#### EXERCISE
Your task is to restate the listing word for word without the pictures.

#### RECORDS
◆ ◆ ◆ ◆ ◆ ◆ ◆
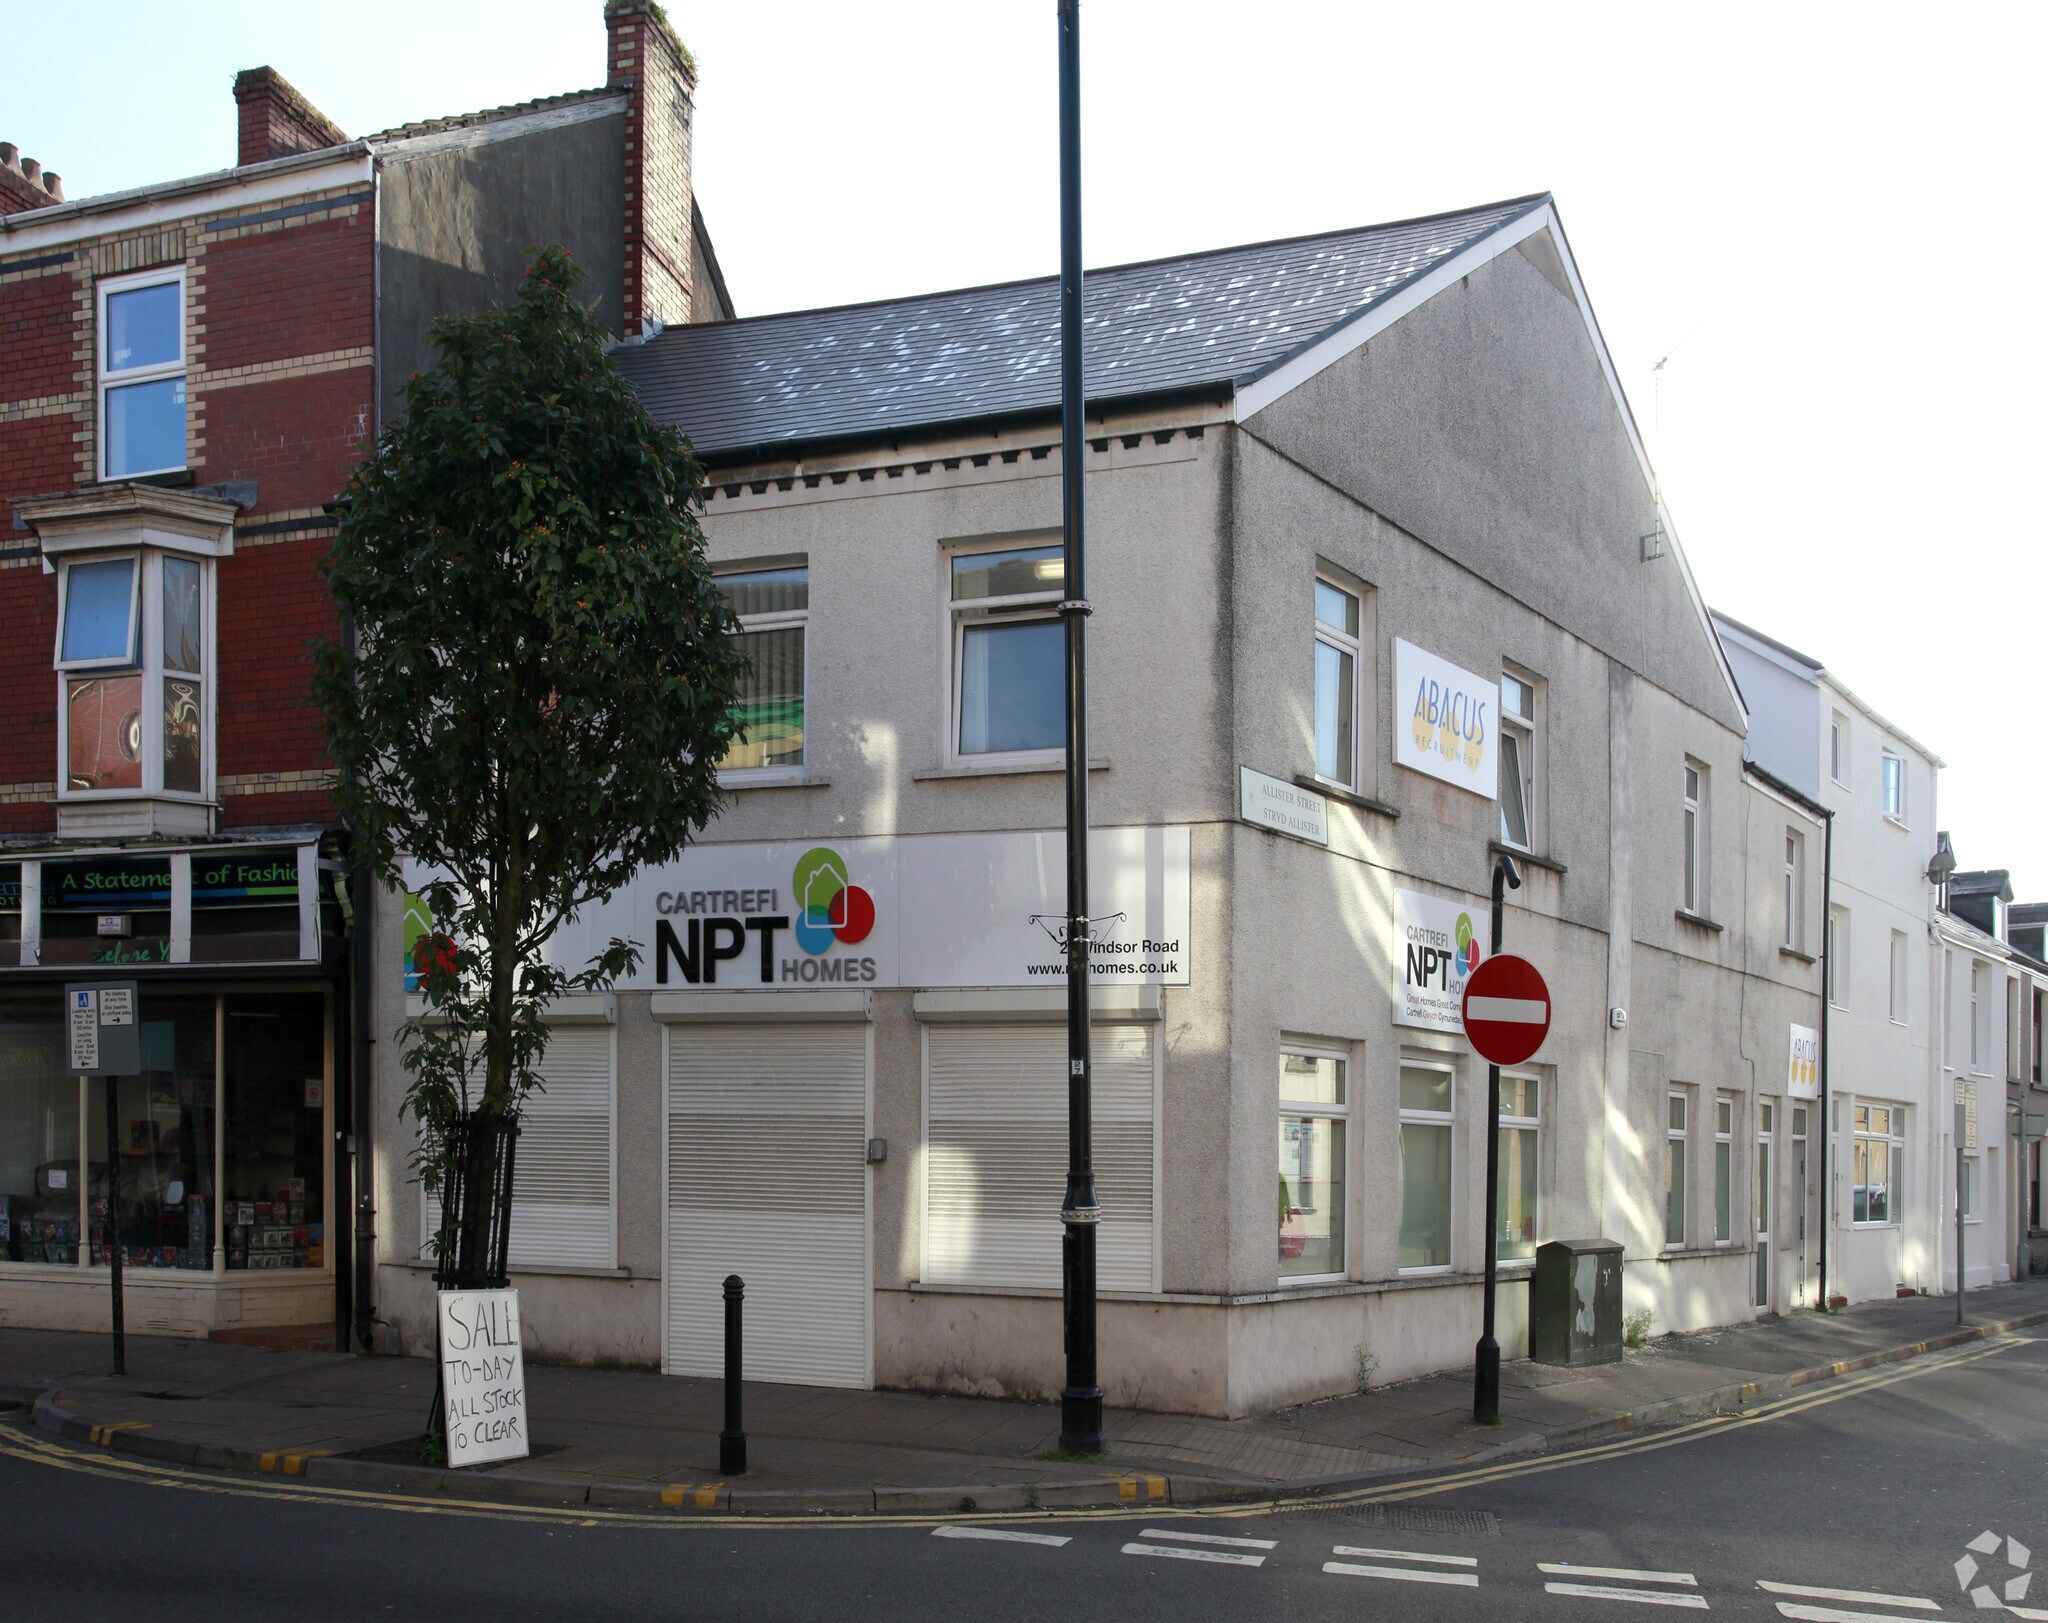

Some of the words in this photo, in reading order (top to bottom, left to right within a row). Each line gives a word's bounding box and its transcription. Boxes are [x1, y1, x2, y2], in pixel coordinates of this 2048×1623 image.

[1414, 676, 1486, 746] ABACUS
[1415, 733, 1479, 766] RECRUITMENT
[1261, 784, 1295, 805] ALLISTER
[1296, 795, 1321, 813] STREET
[1263, 807, 1287, 825] STRYD
[1288, 816, 1320, 836] ALLISTER
[62, 873, 78, 888] A
[84, 868, 198, 889] Statemet
[205, 864, 231, 884] of
[656, 888, 777, 914] CARTREFI
[656, 916, 789, 983] NPT
[1142, 940, 1179, 953] Road
[1406, 924, 1449, 948] CARTREFI
[781, 957, 877, 982] HOMES
[1406, 942, 1452, 991] NPT
[1407, 993, 1419, 1004] Great
[1420, 996, 1436, 1007] Homes
[1793, 1038, 1817, 1063] ABACUS
[448, 1297, 519, 1351] SALE
[445, 1354, 516, 1386] TO-DAY
[448, 1396, 480, 1421] ALL
[483, 1388, 523, 1414] STOCK
[474, 1416, 522, 1444] CLEAR
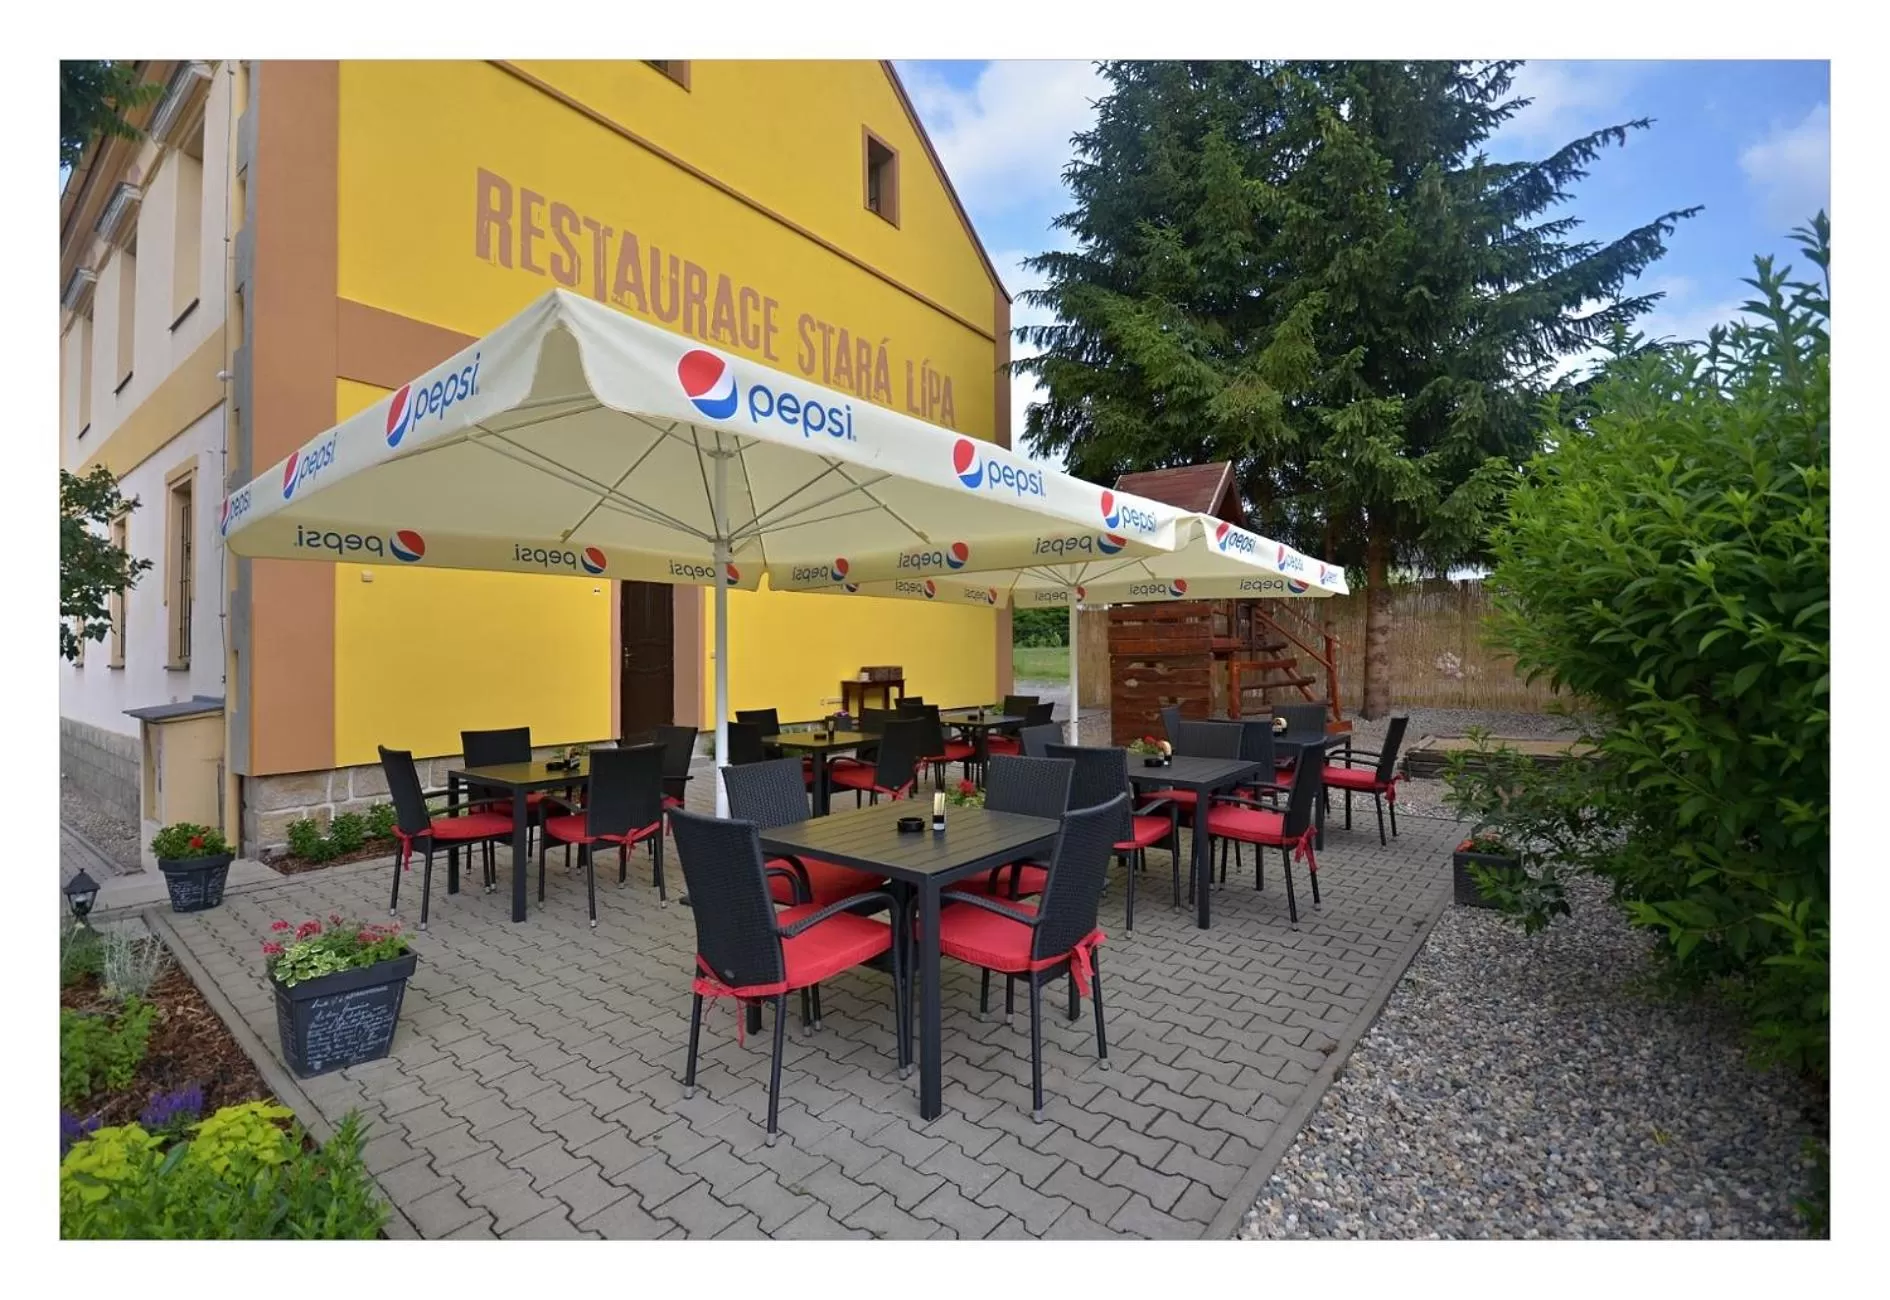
◆ ◆ ◆ ◆ ◆ ◆ ◆
#### EXERCISE OUTPUT
Some of the words in this photo, in reading order (top to bottom, left to right within a row). Each line gives a word's bounding box and its transcription. Boxes are [x1, y1, x2, y2], in pixel coordinates of this 2048×1623 image.

[1414, 676, 1486, 746] ABACUS
[1415, 733, 1479, 766] RECRUITMENT
[1261, 784, 1295, 805] ALLISTER
[1296, 795, 1321, 813] STREET
[1263, 807, 1287, 825] STRYD
[1288, 816, 1320, 836] ALLISTER
[62, 873, 78, 888] A
[84, 868, 198, 889] Statemet
[205, 864, 231, 884] of
[656, 888, 777, 914] CARTREFI
[656, 916, 789, 983] NPT
[1142, 940, 1179, 953] Road
[1406, 924, 1449, 948] CARTREFI
[781, 957, 877, 982] HOMES
[1406, 942, 1452, 991] NPT
[1407, 993, 1419, 1004] Great
[1420, 996, 1436, 1007] Homes
[1793, 1038, 1817, 1063] ABACUS
[448, 1297, 519, 1351] SALE
[445, 1354, 516, 1386] TO-DAY
[448, 1396, 480, 1421] ALL
[483, 1388, 523, 1414] STOCK
[474, 1416, 522, 1444] CLEAR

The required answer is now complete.